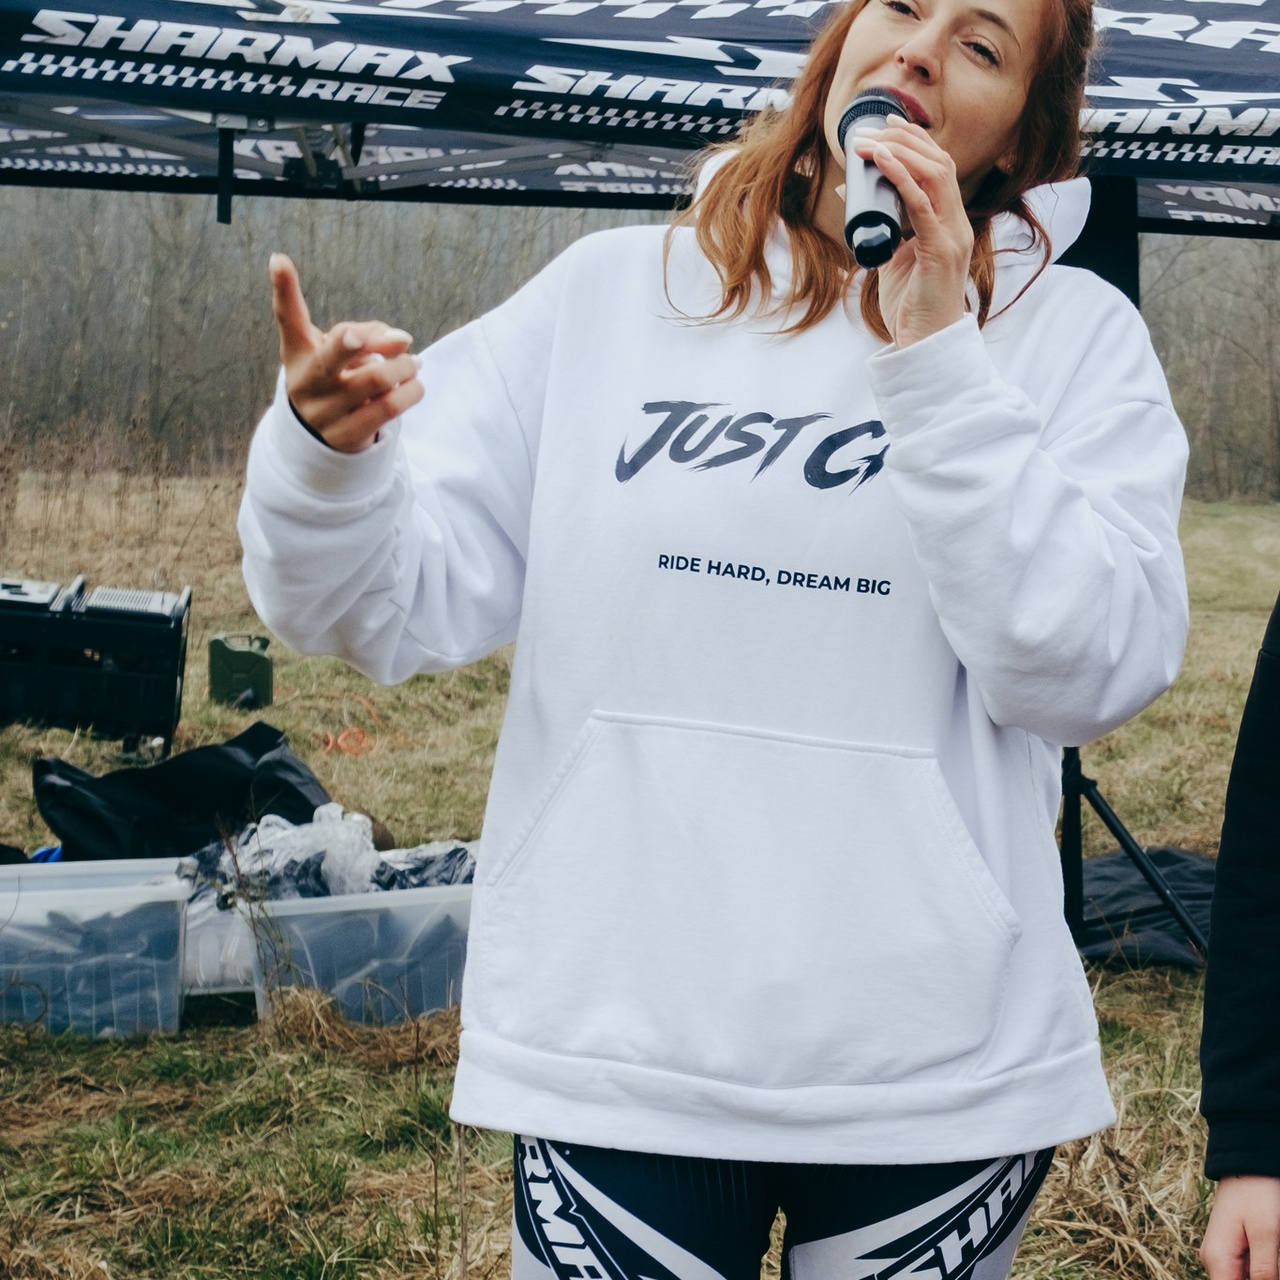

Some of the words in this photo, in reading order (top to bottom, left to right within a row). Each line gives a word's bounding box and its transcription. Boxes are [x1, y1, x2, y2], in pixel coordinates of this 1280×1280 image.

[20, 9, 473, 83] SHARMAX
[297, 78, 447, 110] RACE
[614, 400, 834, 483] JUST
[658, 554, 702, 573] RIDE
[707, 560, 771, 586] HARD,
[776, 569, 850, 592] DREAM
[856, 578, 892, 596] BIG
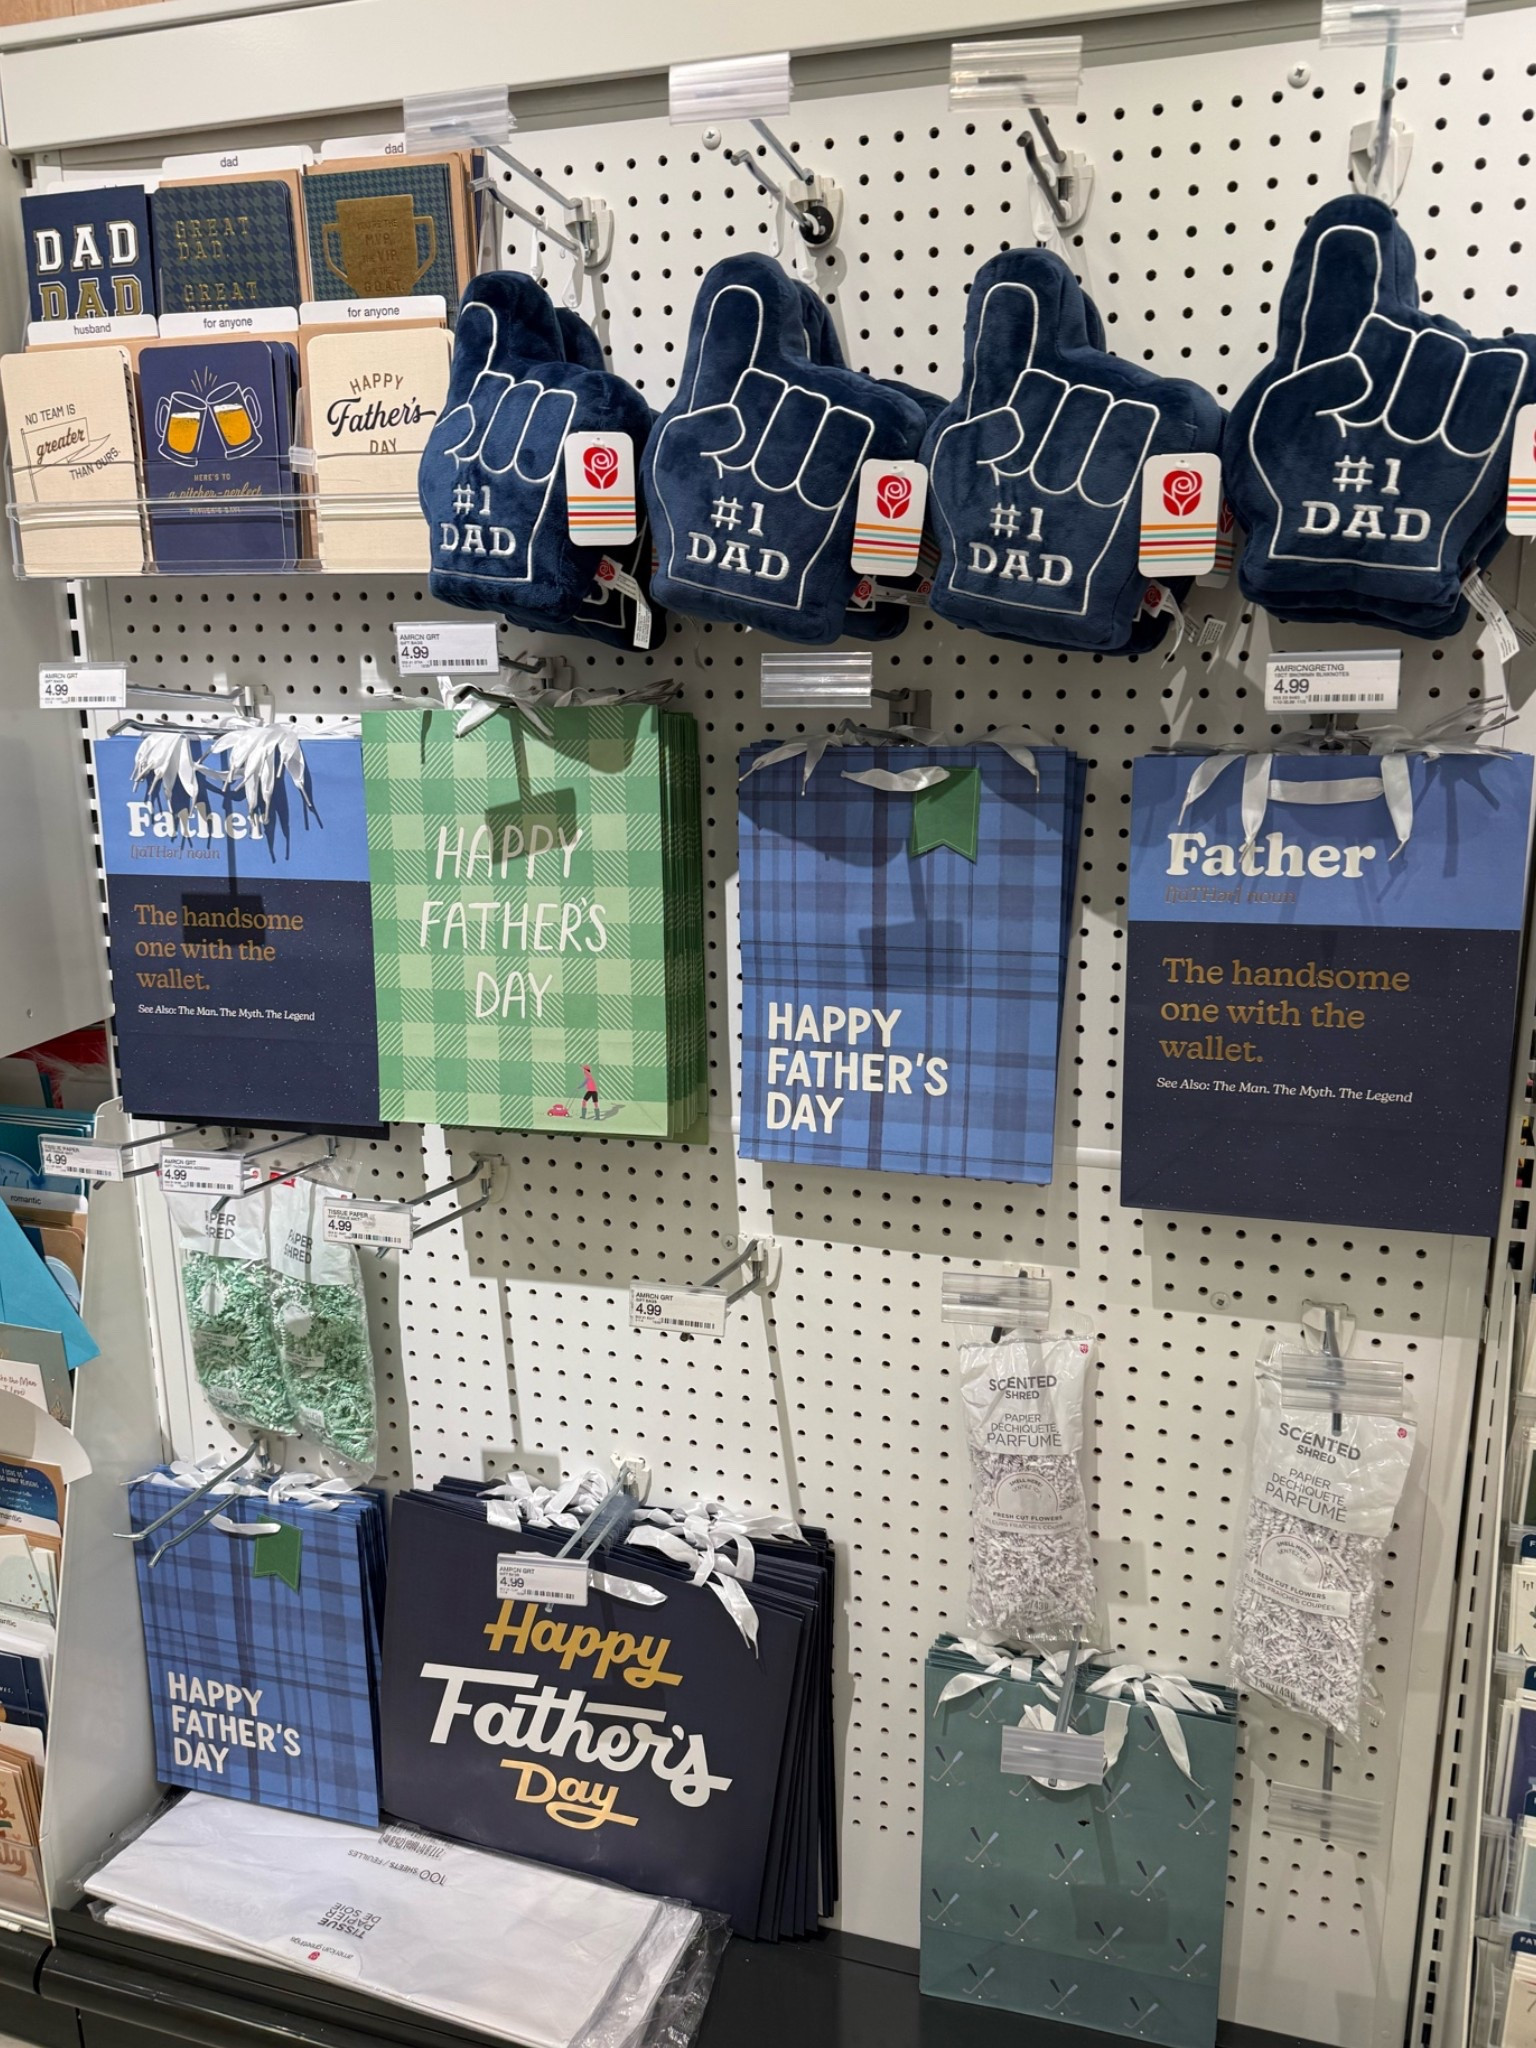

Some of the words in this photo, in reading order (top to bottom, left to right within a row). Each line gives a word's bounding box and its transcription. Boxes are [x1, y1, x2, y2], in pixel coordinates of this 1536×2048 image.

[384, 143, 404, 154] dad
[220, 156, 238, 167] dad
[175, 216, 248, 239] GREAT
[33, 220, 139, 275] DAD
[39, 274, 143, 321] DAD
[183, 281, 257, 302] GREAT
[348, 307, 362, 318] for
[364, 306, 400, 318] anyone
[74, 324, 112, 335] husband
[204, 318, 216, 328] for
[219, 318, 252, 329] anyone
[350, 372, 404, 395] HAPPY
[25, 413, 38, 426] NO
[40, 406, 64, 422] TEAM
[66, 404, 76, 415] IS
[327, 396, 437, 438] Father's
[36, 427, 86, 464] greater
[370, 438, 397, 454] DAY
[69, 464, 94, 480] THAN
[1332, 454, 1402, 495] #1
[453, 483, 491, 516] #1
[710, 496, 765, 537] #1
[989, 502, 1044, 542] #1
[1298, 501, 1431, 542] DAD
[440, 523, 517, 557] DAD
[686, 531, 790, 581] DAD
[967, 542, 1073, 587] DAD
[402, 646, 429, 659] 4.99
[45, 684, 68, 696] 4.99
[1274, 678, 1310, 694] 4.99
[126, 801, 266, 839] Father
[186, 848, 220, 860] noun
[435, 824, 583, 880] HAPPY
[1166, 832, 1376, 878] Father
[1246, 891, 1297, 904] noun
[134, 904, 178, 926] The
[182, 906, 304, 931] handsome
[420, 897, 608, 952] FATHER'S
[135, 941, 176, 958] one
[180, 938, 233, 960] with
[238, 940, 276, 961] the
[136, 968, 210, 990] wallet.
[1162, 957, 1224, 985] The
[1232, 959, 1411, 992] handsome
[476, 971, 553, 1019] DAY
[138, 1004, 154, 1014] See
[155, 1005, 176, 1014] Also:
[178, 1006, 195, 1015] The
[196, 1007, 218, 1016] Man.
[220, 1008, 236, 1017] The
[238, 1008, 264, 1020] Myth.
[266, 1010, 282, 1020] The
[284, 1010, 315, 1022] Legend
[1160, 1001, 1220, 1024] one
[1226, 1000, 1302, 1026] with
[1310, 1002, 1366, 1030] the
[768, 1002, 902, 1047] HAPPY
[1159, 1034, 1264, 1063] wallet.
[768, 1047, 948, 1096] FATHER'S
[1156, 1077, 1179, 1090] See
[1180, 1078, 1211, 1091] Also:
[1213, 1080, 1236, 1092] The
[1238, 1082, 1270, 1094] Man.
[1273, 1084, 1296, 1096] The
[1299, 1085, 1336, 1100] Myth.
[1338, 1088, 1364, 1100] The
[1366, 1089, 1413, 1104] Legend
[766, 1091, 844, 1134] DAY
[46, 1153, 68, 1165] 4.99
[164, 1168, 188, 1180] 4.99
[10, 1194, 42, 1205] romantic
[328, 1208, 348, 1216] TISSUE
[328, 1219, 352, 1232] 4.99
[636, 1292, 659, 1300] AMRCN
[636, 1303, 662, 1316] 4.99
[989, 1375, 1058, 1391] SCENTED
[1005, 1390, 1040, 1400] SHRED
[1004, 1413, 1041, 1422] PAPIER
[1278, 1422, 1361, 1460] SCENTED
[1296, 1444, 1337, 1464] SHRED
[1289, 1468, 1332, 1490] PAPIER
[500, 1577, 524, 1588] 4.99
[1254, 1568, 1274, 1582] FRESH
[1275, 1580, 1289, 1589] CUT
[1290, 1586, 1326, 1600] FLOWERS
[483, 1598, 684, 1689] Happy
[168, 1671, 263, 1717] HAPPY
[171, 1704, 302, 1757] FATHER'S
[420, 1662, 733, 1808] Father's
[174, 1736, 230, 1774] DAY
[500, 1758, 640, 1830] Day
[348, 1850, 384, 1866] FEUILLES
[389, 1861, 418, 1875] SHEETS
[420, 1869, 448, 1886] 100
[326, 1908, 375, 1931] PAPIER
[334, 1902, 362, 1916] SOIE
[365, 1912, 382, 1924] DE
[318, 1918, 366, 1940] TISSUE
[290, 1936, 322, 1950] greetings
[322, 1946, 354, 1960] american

◆ WHAT THE TASK ASKS: Please give back the material above exactly as written, pictures omitted.

◆ RESULT BELOW:
Some of the words in this photo, in reading order (top to bottom, left to right within a row). Each line gives a word's bounding box and its transcription. Boxes are [x1, y1, x2, y2], in pixel coordinates of this 1280×1280 image.

[20, 9, 473, 83] SHARMAX
[297, 78, 447, 110] RACE
[614, 400, 834, 483] JUST
[658, 554, 702, 573] RIDE
[707, 560, 771, 586] HARD,
[776, 569, 850, 592] DREAM
[856, 578, 892, 596] BIG

Some of the words in this photo, in reading order (top to bottom, left to right within a row). Each line gives a word's bounding box and its transcription. Boxes are [x1, y1, x2, y2], in pixel coordinates of this 1536×2048 image.

[384, 143, 404, 154] dad
[220, 156, 238, 167] dad
[175, 216, 248, 239] GREAT
[33, 220, 139, 275] DAD
[39, 274, 143, 321] DAD
[183, 281, 257, 302] GREAT
[348, 307, 362, 318] for
[364, 306, 400, 318] anyone
[74, 324, 112, 335] husband
[204, 318, 216, 328] for
[219, 318, 252, 329] anyone
[350, 372, 404, 395] HAPPY
[25, 413, 38, 426] NO
[40, 406, 64, 422] TEAM
[66, 404, 76, 415] IS
[327, 396, 437, 438] Father's
[36, 427, 86, 464] greater
[370, 438, 397, 454] DAY
[69, 464, 94, 480] THAN
[1332, 454, 1402, 495] #1
[453, 483, 491, 516] #1
[710, 496, 765, 537] #1
[989, 502, 1044, 542] #1
[1298, 501, 1431, 542] DAD
[440, 523, 517, 557] DAD
[686, 531, 790, 581] DAD
[967, 542, 1073, 587] DAD
[402, 646, 429, 659] 4.99
[45, 684, 68, 696] 4.99
[1274, 678, 1310, 694] 4.99
[126, 801, 266, 839] Father
[186, 848, 220, 860] noun
[435, 824, 583, 880] HAPPY
[1166, 832, 1376, 878] Father
[1246, 891, 1297, 904] noun
[134, 904, 178, 926] The
[182, 906, 304, 931] handsome
[420, 897, 608, 952] FATHER'S
[135, 941, 176, 958] one
[180, 938, 233, 960] with
[238, 940, 276, 961] the
[136, 968, 210, 990] wallet.
[1162, 957, 1224, 985] The
[1232, 959, 1411, 992] handsome
[476, 971, 553, 1019] DAY
[138, 1004, 154, 1014] See
[155, 1005, 176, 1014] Also:
[178, 1006, 195, 1015] The
[196, 1007, 218, 1016] Man.
[220, 1008, 236, 1017] The
[238, 1008, 264, 1020] Myth.
[266, 1010, 282, 1020] The
[284, 1010, 315, 1022] Legend
[1160, 1001, 1220, 1024] one
[1226, 1000, 1302, 1026] with
[1310, 1002, 1366, 1030] the
[768, 1002, 902, 1047] HAPPY
[1159, 1034, 1264, 1063] wallet.
[768, 1047, 948, 1096] FATHER'S
[1156, 1077, 1179, 1090] See
[1180, 1078, 1211, 1091] Also:
[1213, 1080, 1236, 1092] The
[1238, 1082, 1270, 1094] Man.
[1273, 1084, 1296, 1096] The
[1299, 1085, 1336, 1100] Myth.
[1338, 1088, 1364, 1100] The
[1366, 1089, 1413, 1104] Legend
[766, 1091, 844, 1134] DAY
[46, 1153, 68, 1165] 4.99
[164, 1168, 188, 1180] 4.99
[10, 1194, 42, 1205] romantic
[328, 1208, 348, 1216] TISSUE
[328, 1219, 352, 1232] 4.99
[636, 1292, 659, 1300] AMRCN
[636, 1303, 662, 1316] 4.99
[989, 1375, 1058, 1391] SCENTED
[1005, 1390, 1040, 1400] SHRED
[1004, 1413, 1041, 1422] PAPIER
[1278, 1422, 1361, 1460] SCENTED
[1296, 1444, 1337, 1464] SHRED
[1289, 1468, 1332, 1490] PAPIER
[500, 1577, 524, 1588] 4.99
[1254, 1568, 1274, 1582] FRESH
[1275, 1580, 1289, 1589] CUT
[1290, 1586, 1326, 1600] FLOWERS
[483, 1598, 684, 1689] Happy
[168, 1671, 263, 1717] HAPPY
[171, 1704, 302, 1757] FATHER'S
[420, 1662, 733, 1808] Father's
[174, 1736, 230, 1774] DAY
[500, 1758, 640, 1830] Day
[348, 1850, 384, 1866] FEUILLES
[389, 1861, 418, 1875] SHEETS
[420, 1869, 448, 1886] 100
[326, 1908, 375, 1931] PAPIER
[334, 1902, 362, 1916] SOIE
[365, 1912, 382, 1924] DE
[318, 1918, 366, 1940] TISSUE
[290, 1936, 322, 1950] greetings
[322, 1946, 354, 1960] american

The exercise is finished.